Her children ran around at our feet as our team worked through that hot day. We painted, hammered, leveled, and finished the job by hanging the handmade curtains in their windows. We gave them a house. They already had a home.
As I left my son’s room that night, I continued to think about our home. Despite all the differences between our outward circumstances, Anna and I cultivate home in much the same way. Home is the familiar little ways we live around one another as a family. Home is where we belly laugh, and where we let the hardest tears fall. We cultivate home by developing deep relationships with one another. Our shared joy and common struggles weave a fabric of connectedness that gets more thickly layered over time. Home is the familiar and comforting melodies and rhythms of life together.
Sometimes it helps to step back and think through how I am cultivating home. Over our years together, my husband and I have talked over our family purpose statement. We started doing this about 15 years ago. During one of our first conversations laying out purpose for our family, he mentioned wanting our home to be a sanctuary for each of us. Beyond that, he wanted to share what we cultivate in our home with others, so they felt that same sense of welcome, safety, and rest when they visited. This introverted man, who would (admittedly) live in a cave if it weren’t for me, said all that. I was floored and blessed.
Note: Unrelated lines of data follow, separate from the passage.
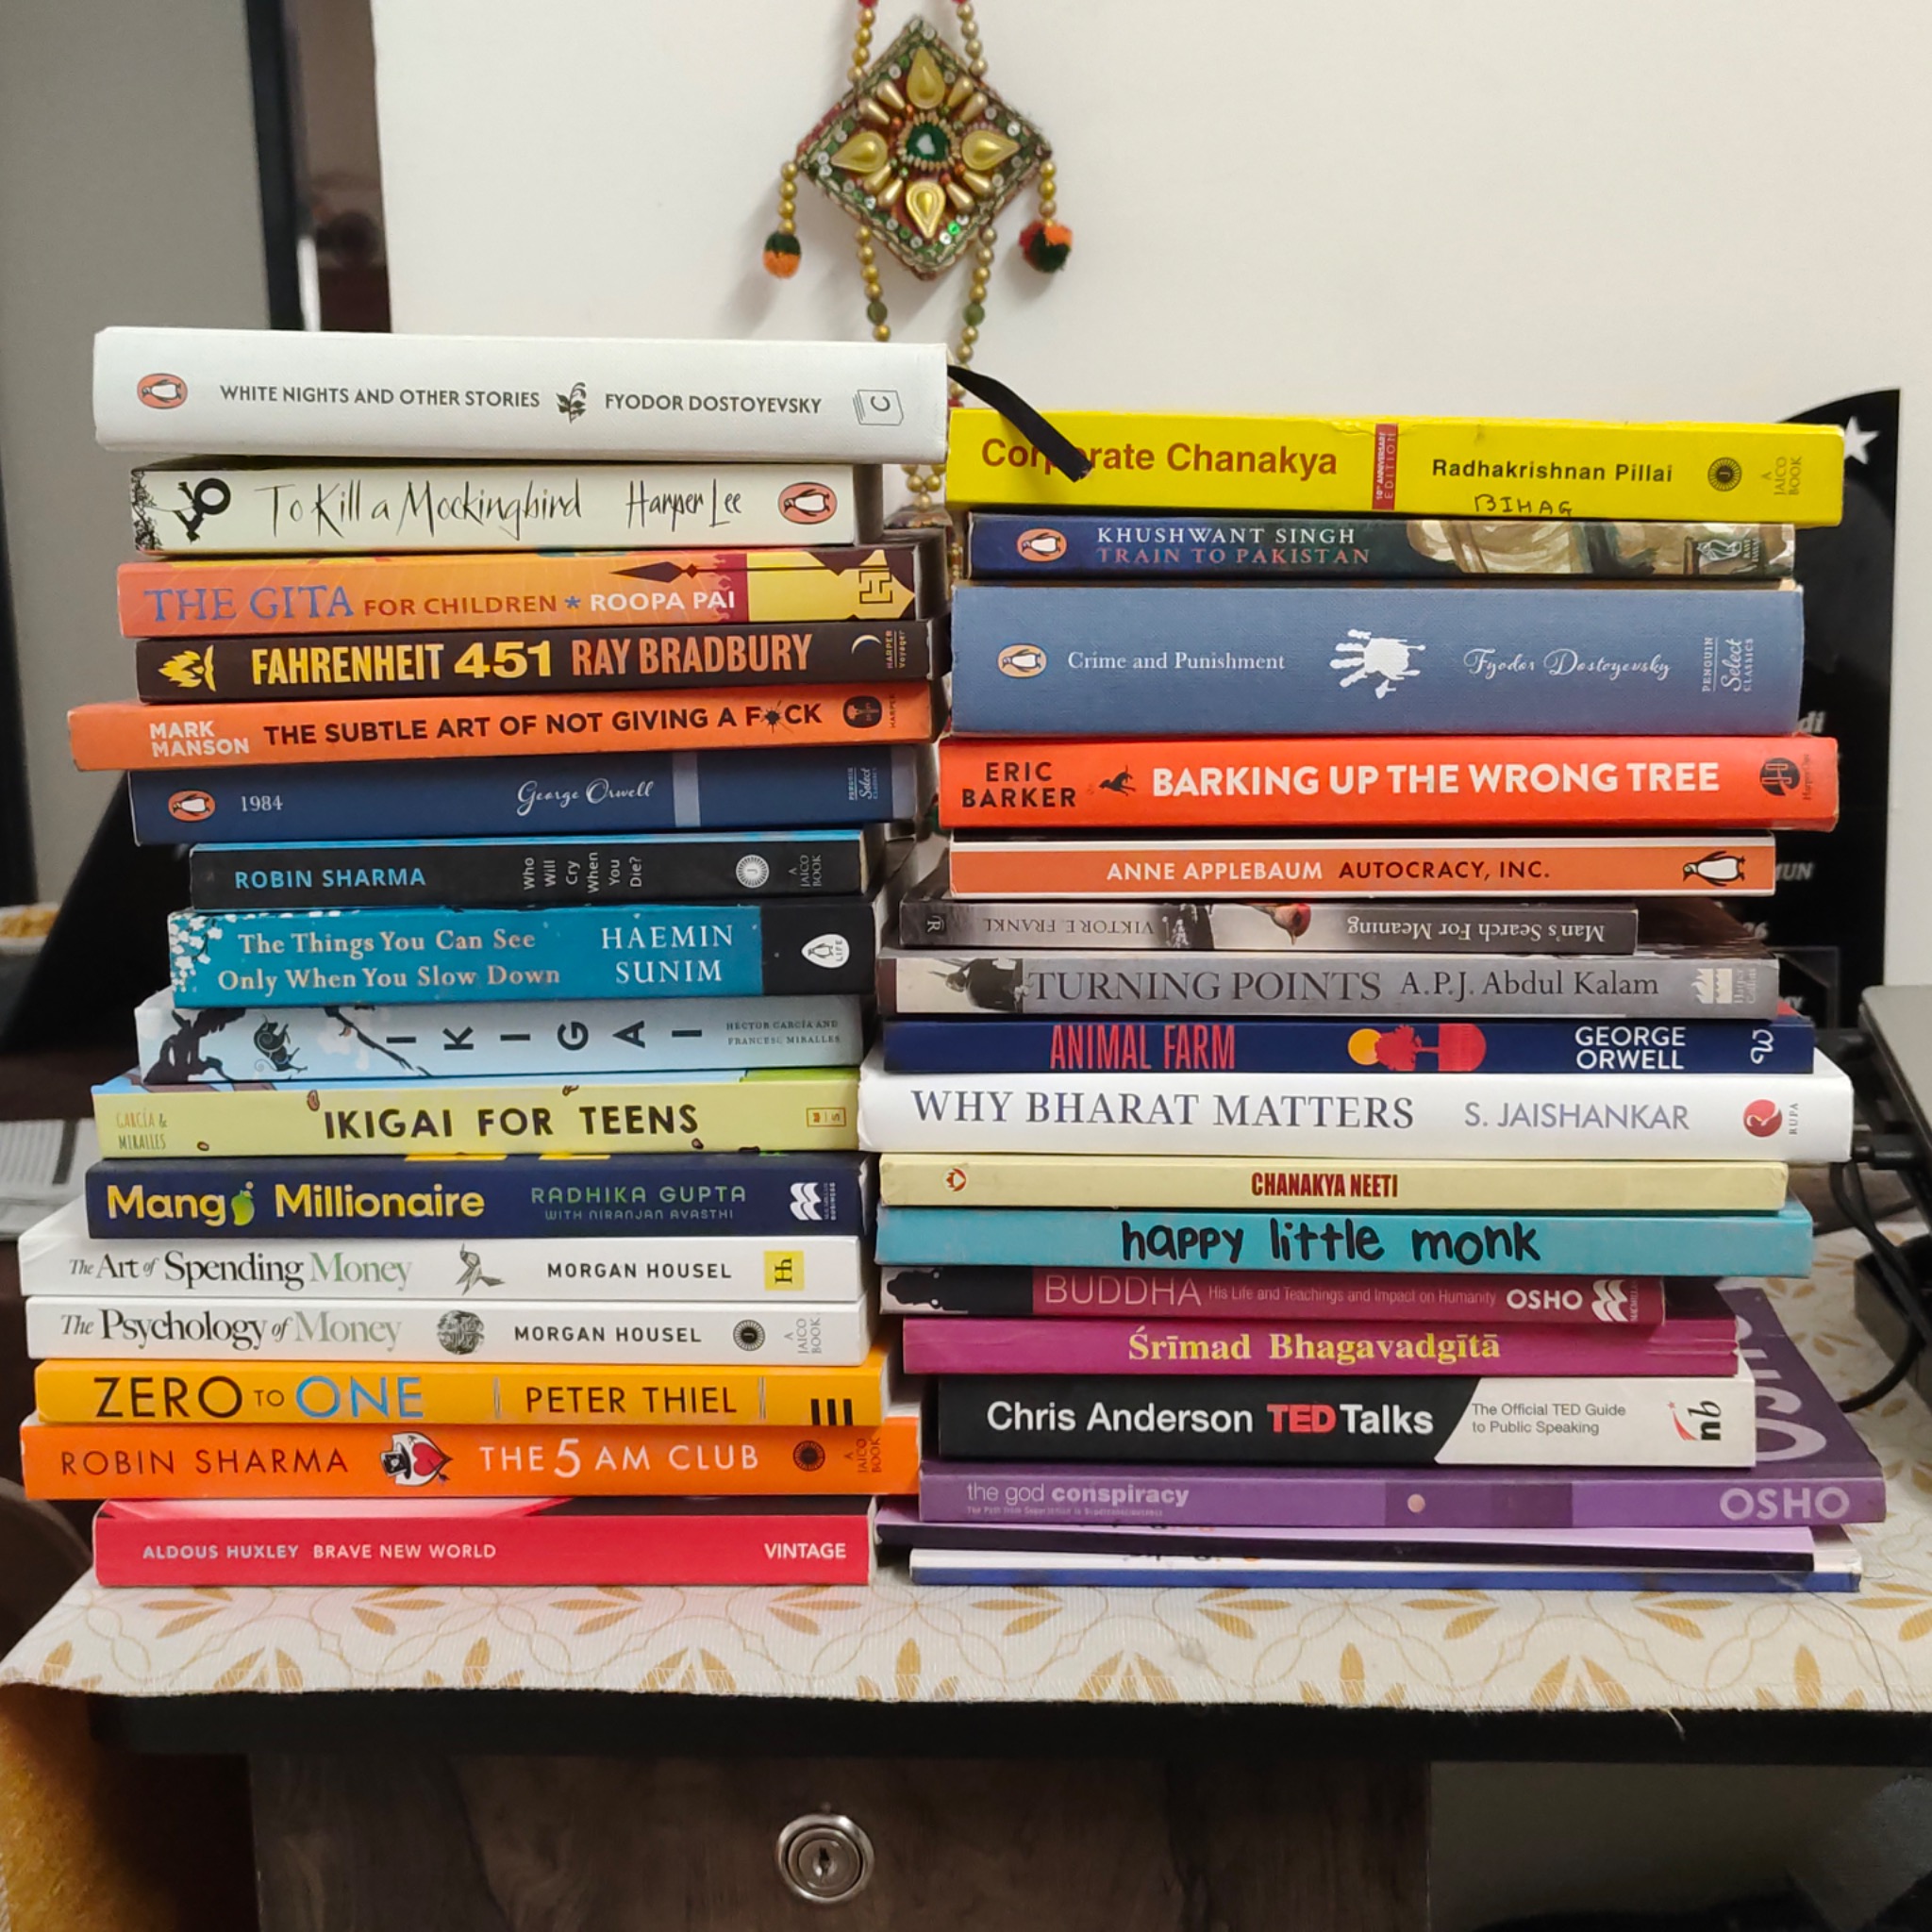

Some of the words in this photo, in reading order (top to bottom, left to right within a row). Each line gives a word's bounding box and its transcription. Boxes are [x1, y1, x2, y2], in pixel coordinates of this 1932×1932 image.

[220, 385, 277, 401] WHITE
[283, 387, 349, 404] NIGHTS
[355, 389, 393, 404] AND
[400, 390, 459, 406] OTHER
[465, 391, 541, 408] STORIES
[606, 394, 683, 410] FYODOR
[690, 396, 822, 414] DOSTOYEVSKY
[982, 438, 1155, 474] Corrate
[1167, 443, 1337, 480] Chanakya
[1385, 434, 1395, 498] EDITION
[1432, 459, 1605, 480] Radhakrishnan
[1615, 463, 1673, 482] Pillai
[1761, 472, 1772, 480] A
[1774, 457, 1787, 494] JAICO
[1789, 457, 1802, 495] BOOK
[625, 480, 705, 532] Harper
[709, 479, 742, 527] Lee
[1474, 493, 1573, 516] BIHAG
[1098, 527, 1264, 543] KHUSHWANT
[1274, 529, 1355, 543] SINGH
[1096, 548, 1179, 562] TRAIN
[1191, 549, 1225, 562] TO
[1236, 549, 1371, 563] PAKISTAN
[144, 589, 237, 621] THE
[250, 586, 353, 618] GITA
[364, 599, 415, 616] FOR
[425, 594, 557, 616] CHILDREN
[591, 592, 685, 611] ROOPA
[694, 591, 735, 608] PAI
[252, 644, 443, 684] FAHRENHEIT
[454, 641, 552, 679] 451
[885, 630, 893, 669] HARPER
[1068, 652, 1126, 670] Crime
[1133, 653, 1167, 669] and
[1175, 652, 1285, 671] Punishment
[1702, 637, 1713, 691] PENGUIN
[1464, 649, 1535, 679] Fyodor
[1543, 649, 1671, 680] Dostoyevsky
[1721, 638, 1742, 691] Select
[149, 721, 214, 738] MARK
[153, 738, 249, 757] MANSON
[986, 761, 1052, 782] ERIC
[241, 795, 283, 812] 1984
[517, 781, 580, 815] George
[586, 778, 654, 805] Orwell
[962, 789, 1076, 808] BARKER
[236, 871, 312, 889] ROBIN
[323, 868, 426, 888] SHARMA
[524, 858, 535, 890] Who
[544, 860, 557, 887] Will
[567, 860, 580, 884] Cry
[587, 852, 599, 893] When
[608, 859, 620, 886] You
[630, 857, 642, 888] Die?
[1339, 861, 1490, 881] AUTOCRACY,
[1500, 862, 1550, 878] INC.
[983, 918, 1056, 932] FRANKL
[1082, 921, 1154, 934] VIKTOR
[1348, 917, 1431, 940] Meaning
[1440, 923, 1471, 941] For
[1478, 924, 1541, 941] Search
[1549, 924, 1605, 941] Man's
[238, 934, 285, 953] The
[291, 933, 375, 960] Things
[380, 931, 425, 951] You
[436, 930, 482, 950] Can
[493, 930, 535, 947] See
[835, 940, 843, 961] LIFE
[218, 971, 277, 996] Only
[285, 970, 356, 989] When
[362, 968, 407, 987] You
[417, 967, 475, 986] Slow
[488, 966, 559, 984] Down
[1399, 972, 1474, 1003] A.P.J.
[1482, 970, 1563, 995] Abdul
[1574, 970, 1658, 995] Kalam
[815, 1020, 838, 1028] AND
[1050, 1024, 1151, 1070] ANIMAL
[1164, 1024, 1236, 1070] FARM
[325, 1108, 453, 1139] IKIGAI
[478, 1107, 553, 1137] FOR
[579, 1104, 698, 1135] TEENS
[911, 1090, 1012, 1122] WHY
[1025, 1091, 1199, 1124] BHARAT
[1213, 1094, 1413, 1129] MATTERS
[1789, 1103, 1798, 1135] RUPA
[275, 1184, 485, 1218] Millionaire
[531, 1188, 646, 1204] RADHIKA
[659, 1186, 746, 1203] GUPTA
[545, 1209, 583, 1221] WITH
[670, 1209, 733, 1220] AVASTHI
[70, 1259, 93, 1275] The
[96, 1253, 139, 1278] Art
[142, 1259, 159, 1277] of
[165, 1250, 304, 1291] Spending
[310, 1252, 412, 1291] Money
[548, 1263, 637, 1278] MORGAN
[647, 1263, 731, 1278] HOUSEL
[1209, 1286, 1226, 1299] His
[1232, 1286, 1252, 1300] Life
[1257, 1287, 1279, 1301] and
[1285, 1287, 1343, 1305] Teachings
[1348, 1288, 1370, 1302] and
[1374, 1289, 1414, 1304] Impact
[1420, 1291, 1434, 1303] on
[1439, 1291, 1496, 1306] Humanity
[1507, 1289, 1583, 1310] OSHO
[61, 1314, 93, 1335] The
[99, 1308, 266, 1351] Psychology
[272, 1321, 292, 1342] of
[293, 1310, 401, 1352] Money
[796, 1318, 808, 1354] JAICO
[811, 1318, 822, 1354] BOOK
[987, 1401, 1075, 1431] Chris
[1087, 1403, 1253, 1433] Anderson
[1267, 1404, 1336, 1433] TED
[1340, 1404, 1433, 1435] Talks
[1472, 1404, 1498, 1416] The
[1502, 1403, 1548, 1416] Official
[1552, 1404, 1581, 1416] TED
[1585, 1404, 1626, 1417] Guide
[1472, 1423, 1486, 1433] to
[1490, 1421, 1531, 1434] Public
[1536, 1421, 1600, 1436] Speaking
[480, 1447, 544, 1471] THE
[554, 1439, 581, 1478] 5
[595, 1447, 648, 1470] AM
[668, 1445, 758, 1469] CLUB
[967, 1483, 998, 1501] the
[1005, 1484, 1044, 1506] god
[1052, 1484, 1189, 1507] conspiracy
[1720, 1487, 1850, 1521] OSHO
[143, 1545, 218, 1559] ALDOUS
[227, 1545, 299, 1558] HUXLEY
[313, 1544, 371, 1558] BRAVE
[380, 1544, 421, 1558] NEW
[429, 1544, 496, 1558] WORLD
[764, 1543, 846, 1558] VINTAGE
Anna, with her simple chicken meal, and the gracious love in her heart created this type of sanctuary and then extended that feeling of comfort to others. Even though I leave our home regularly and even work away from home several days a month, her example reminds me of the irreplaceable role I have as a mom, making a place where my children and husband feel they can return to and be loved well.
Anna taught me the beauty in serving others with what we have. Her gracious care made everyone around her, including her husband and children, able to rest and receive. Sometimes I forget the simplicity of what it really takes to make my house the home I long for it to be. What my family wants most is me; not me being perfect, just me being present as is—as Anna was for our group when we went to Mexico.
*Patty’s new book, Slow Down Mama is now available on Amazon (affiliate link).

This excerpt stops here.